▶ **WORK REQUIRED**
When you reach a picture, pass over it; otherwise repeat the listing word for word.

--

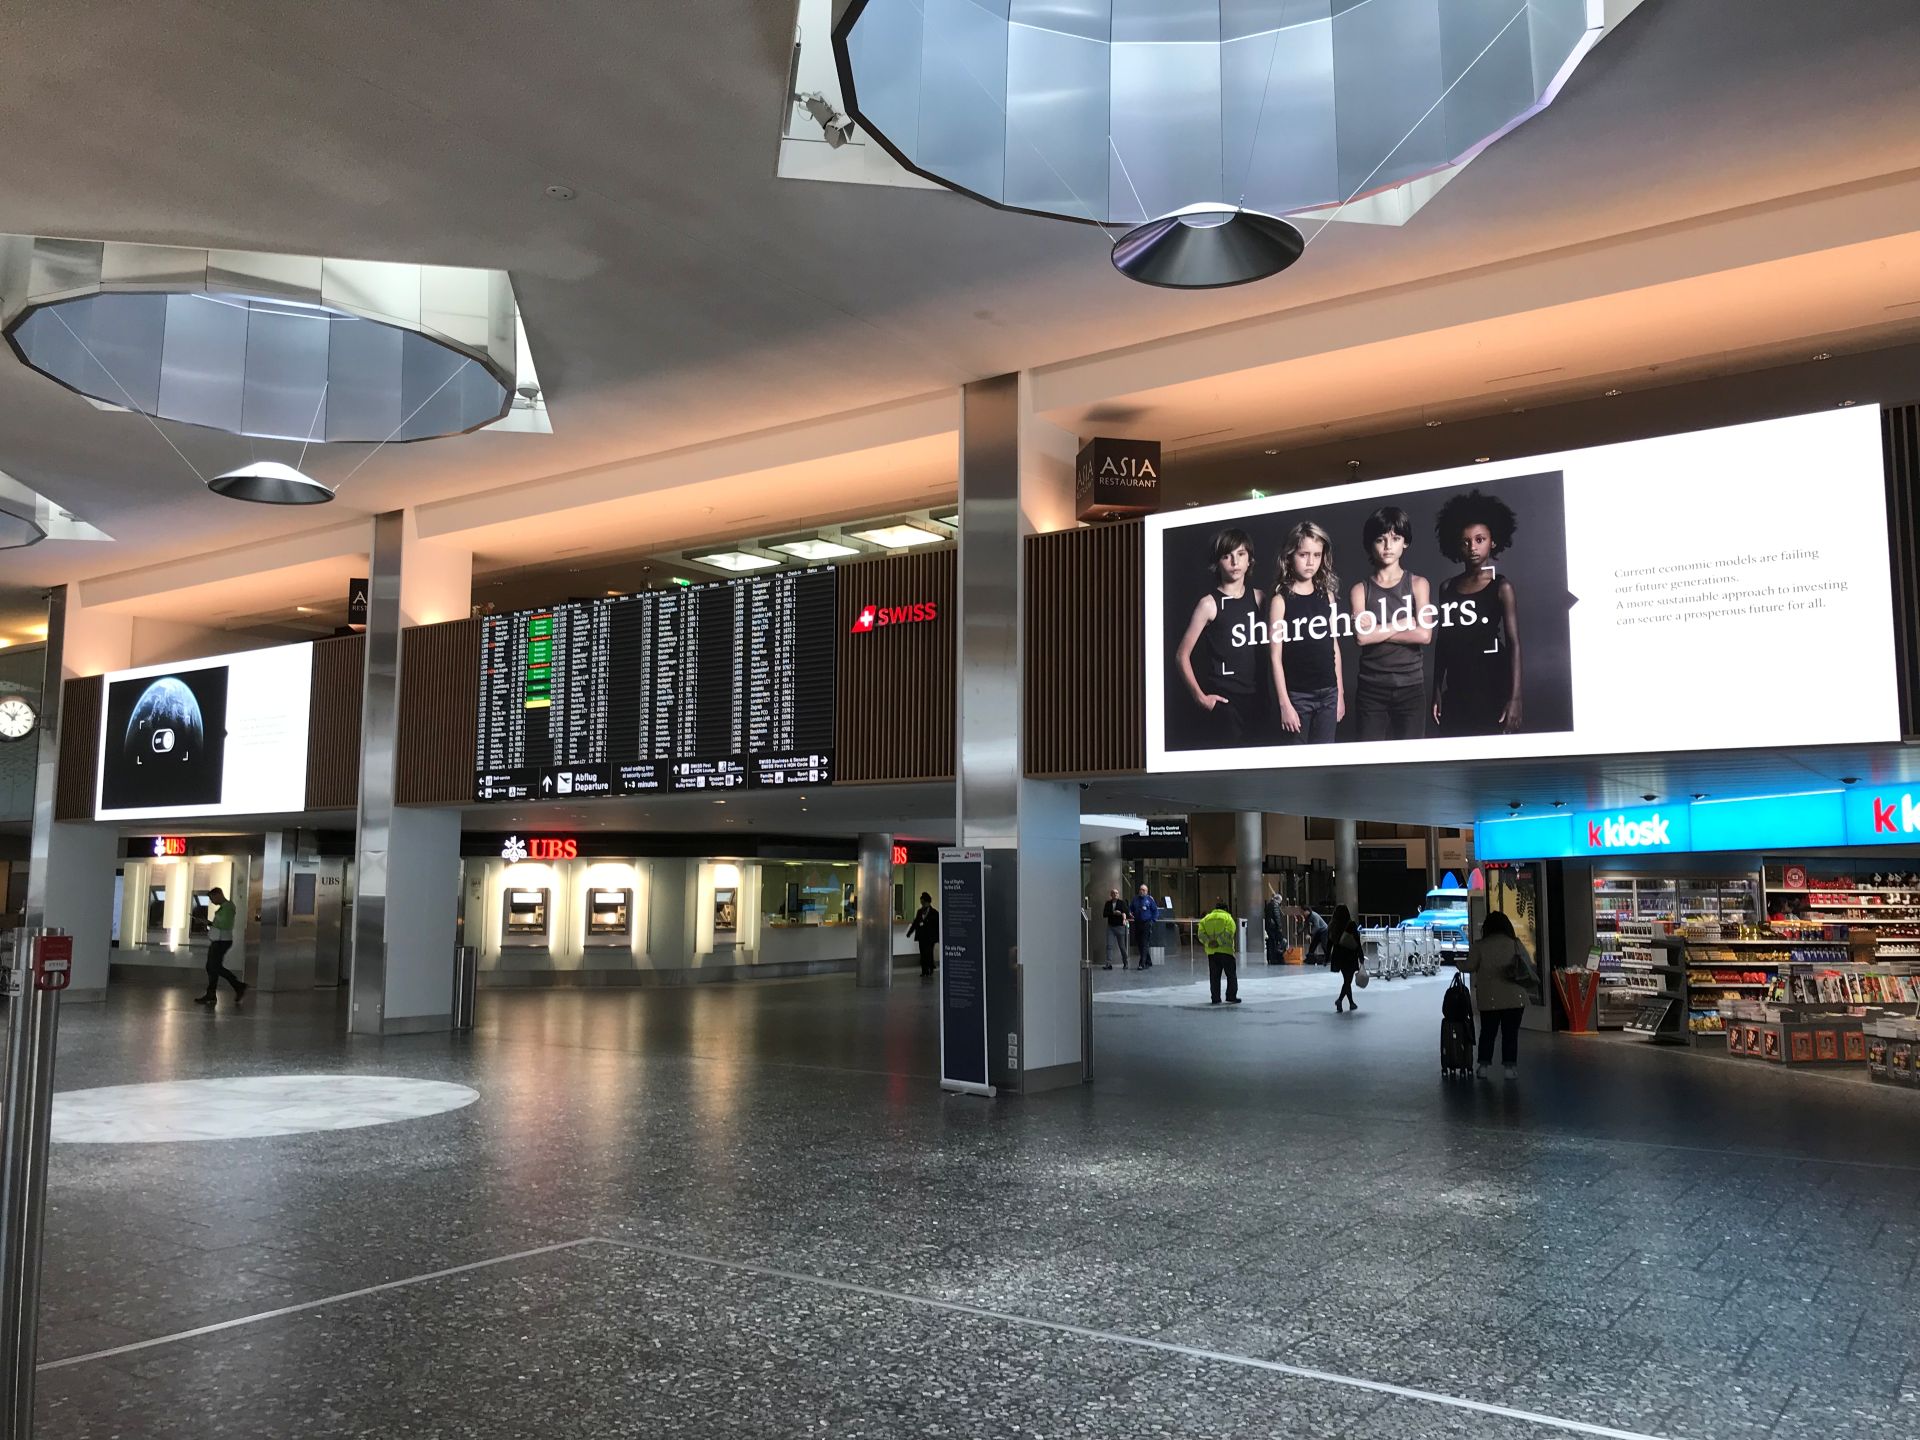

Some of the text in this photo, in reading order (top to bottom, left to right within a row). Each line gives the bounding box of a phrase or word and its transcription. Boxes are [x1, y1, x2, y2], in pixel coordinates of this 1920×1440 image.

[1100, 457, 1157, 477] ASIA
[1100, 477, 1156, 488] RESTAURANT
[1614, 548, 1820, 578] Current economic models are failing
[1615, 574, 1740, 594] our future generations.
[1616, 580, 1848, 609] A more sustainable approach to investing
[878, 602, 937, 626] SWISS
[1231, 594, 1489, 647] shareholders.
[1616, 598, 1826, 625] can secure a prosperous future for all.
[575, 773, 597, 782] Abflug
[575, 782, 609, 792] Departure
[1873, 796, 1898, 833] k
[1588, 813, 1672, 848] k kiosk
[165, 838, 186, 854] UBS
[530, 839, 577, 860] UBS
[893, 846, 907, 864] BS
[321, 877, 340, 885] UBS
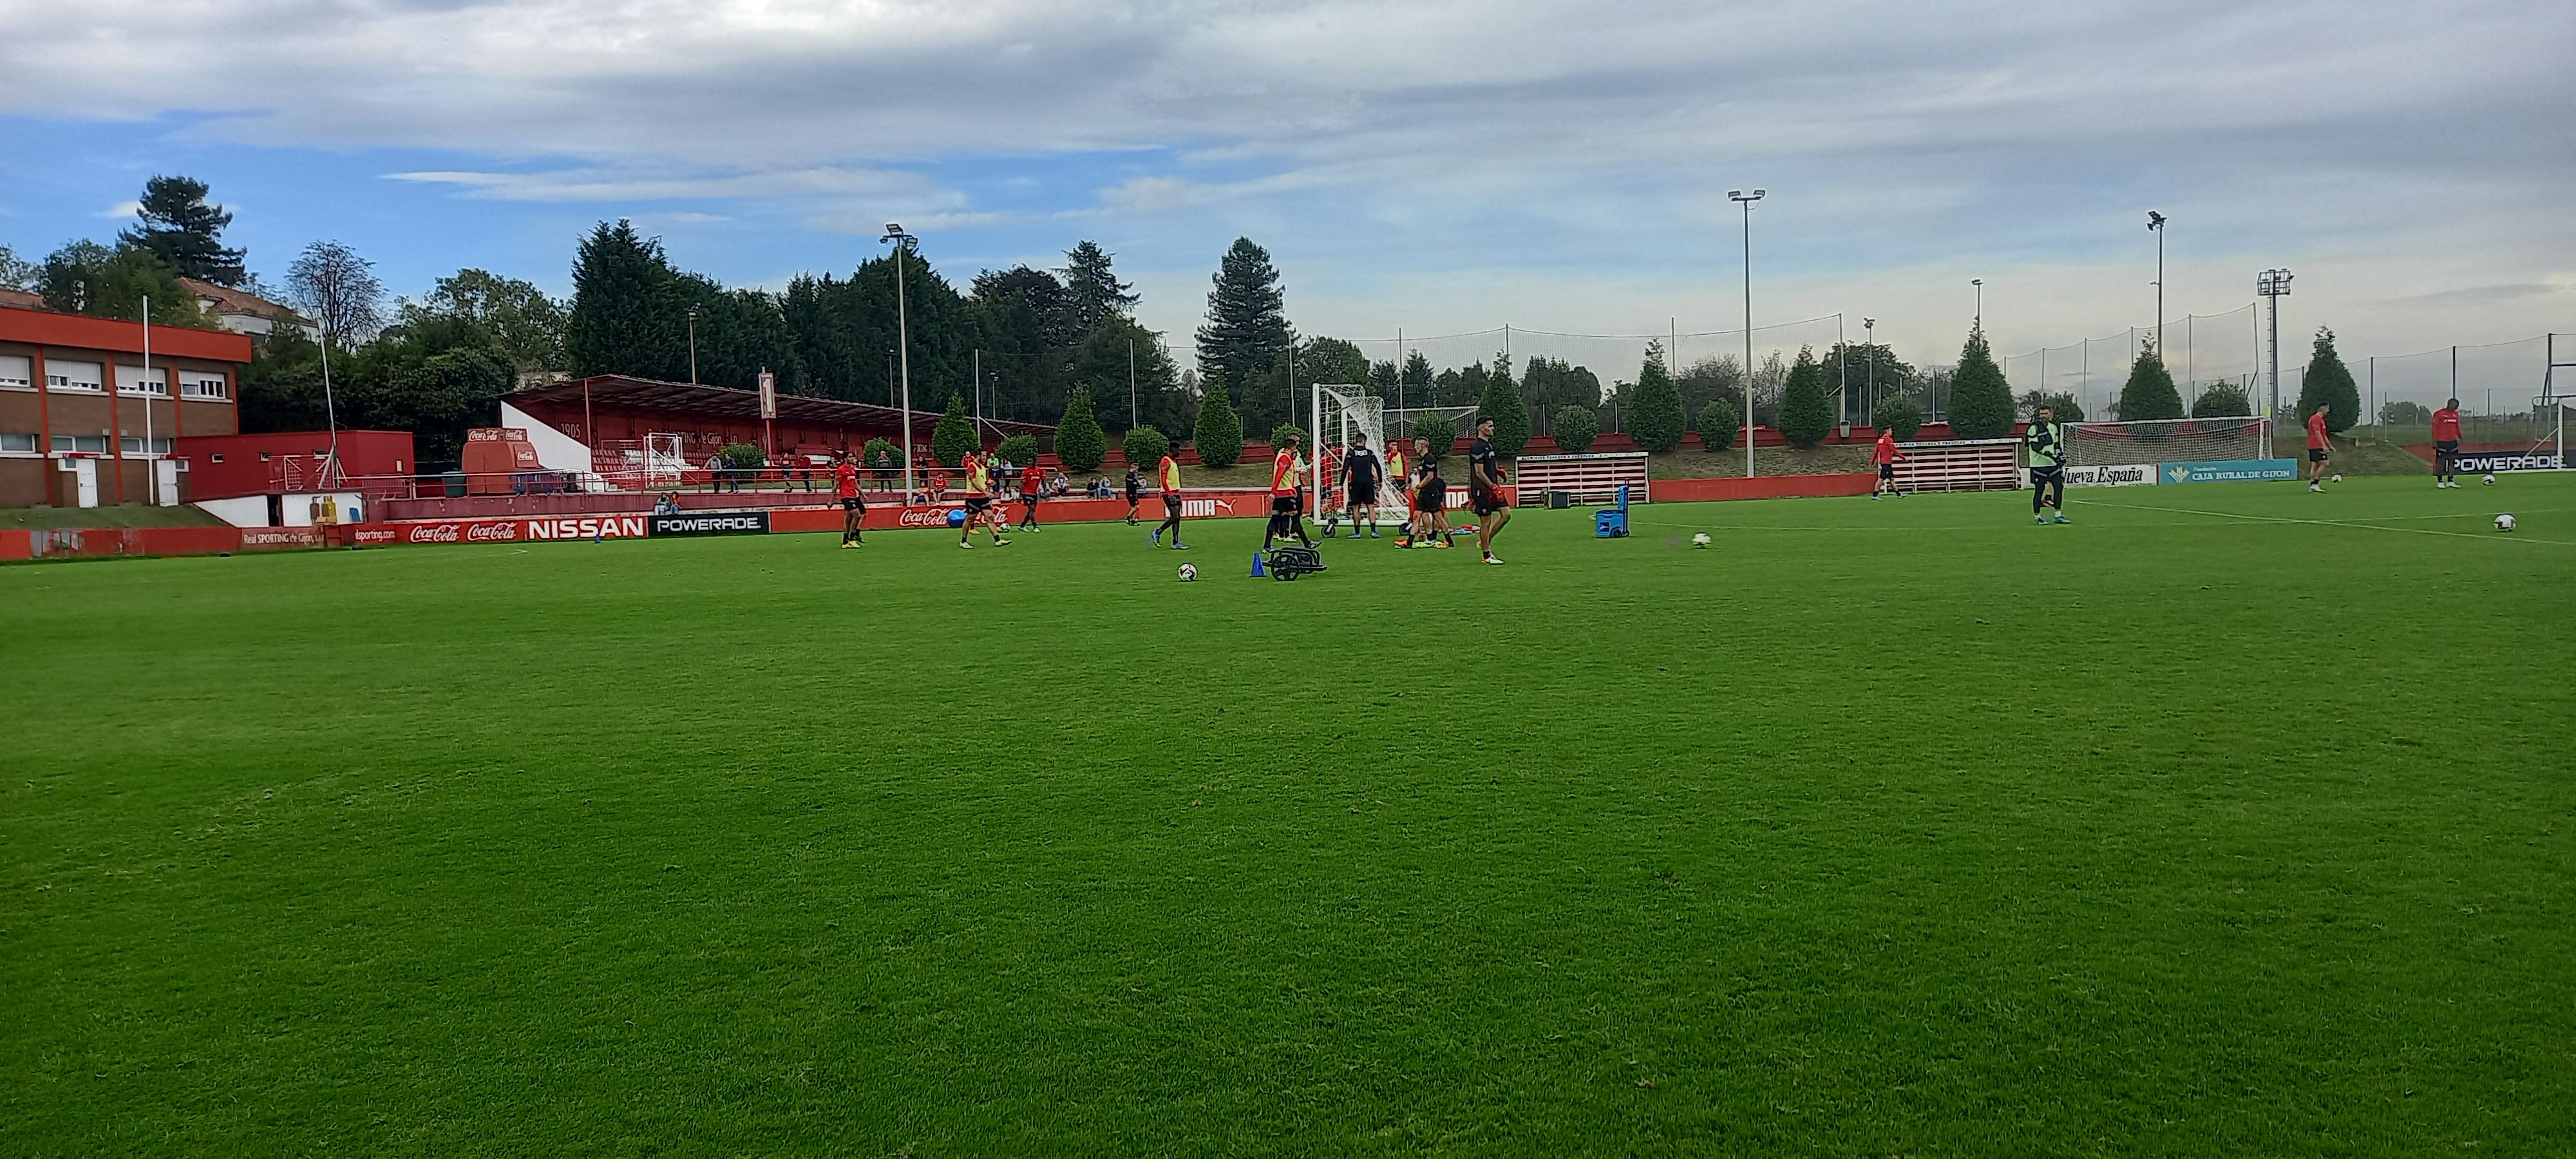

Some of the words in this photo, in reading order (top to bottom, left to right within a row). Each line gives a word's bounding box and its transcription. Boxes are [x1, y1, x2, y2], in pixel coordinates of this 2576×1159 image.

[561, 423, 580, 438] 1905
[2097, 466, 2143, 485] España
[2215, 471, 2248, 479] RURAL
[900, 507, 951, 526] Coca-Cola
[1165, 499, 1216, 518] UMA
[244, 534, 256, 543] Real
[258, 533, 289, 543] SPORTING
[290, 533, 298, 543] de
[410, 524, 460, 542] Coca-Cola
[467, 522, 517, 541] Coca-Cola
[529, 517, 643, 540] NISSAN
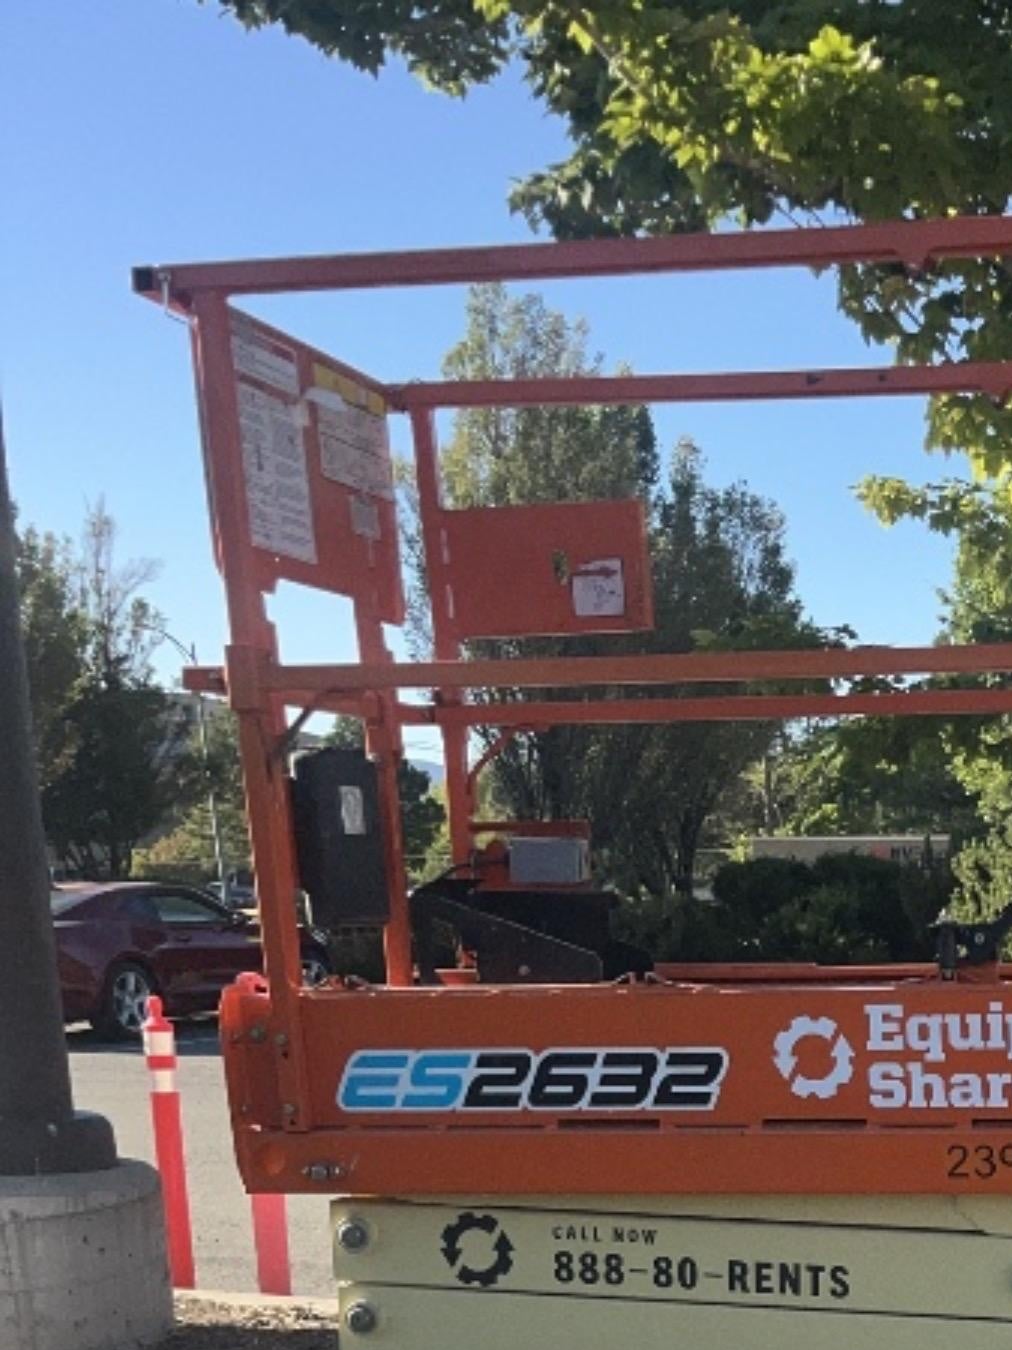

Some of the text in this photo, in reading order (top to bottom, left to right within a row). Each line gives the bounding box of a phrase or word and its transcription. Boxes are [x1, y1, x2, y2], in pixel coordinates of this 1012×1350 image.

[337, 1047, 729, 1113] ES2632
[552, 1225, 659, 1246] CALL NOW
[553, 1250, 851, 1300] 888-80-RENTS

--

▶ **EXERCISE RESULT**
Some of the text in this photo, in reading order (top to bottom, left to right within a row). Each line gives the bounding box of a phrase or word and its transcription. Boxes are [x1, y1, x2, y2], in pixel coordinates of this 1920×1440 image.

[1100, 457, 1157, 477] ASIA
[1100, 477, 1156, 488] RESTAURANT
[1614, 548, 1820, 578] Current economic models are failing
[1615, 574, 1740, 594] our future generations.
[1616, 580, 1848, 609] A more sustainable approach to investing
[878, 602, 937, 626] SWISS
[1231, 594, 1489, 647] shareholders.
[1616, 598, 1826, 625] can secure a prosperous future for all.
[575, 773, 597, 782] Abflug
[575, 782, 609, 792] Departure
[1873, 796, 1898, 833] k
[1588, 813, 1672, 848] k kiosk
[165, 838, 186, 854] UBS
[530, 839, 577, 860] UBS
[893, 846, 907, 864] BS
[321, 877, 340, 885] UBS

Some of the words in this photo, in reading order (top to bottom, left to right within a row). Each line gives a word's bounding box and its transcription. Boxes are [x1, y1, x2, y2], in pixel coordinates of this 2576×1159 image.

[561, 423, 580, 438] 1905
[2097, 466, 2143, 485] España
[2215, 471, 2248, 479] RURAL
[900, 507, 951, 526] Coca-Cola
[1165, 499, 1216, 518] UMA
[244, 534, 256, 543] Real
[258, 533, 289, 543] SPORTING
[290, 533, 298, 543] de
[410, 524, 460, 542] Coca-Cola
[467, 522, 517, 541] Coca-Cola
[529, 517, 643, 540] NISSAN

Some of the text in this photo, in reading order (top to bottom, left to right within a row). Each line gives the bounding box of a phrase or word and its transcription. Boxes are [x1, y1, x2, y2], in pixel coordinates of this 1012×1350 image.

[337, 1047, 729, 1113] ES2632
[552, 1225, 659, 1246] CALL NOW
[553, 1250, 851, 1300] 888-80-RENTS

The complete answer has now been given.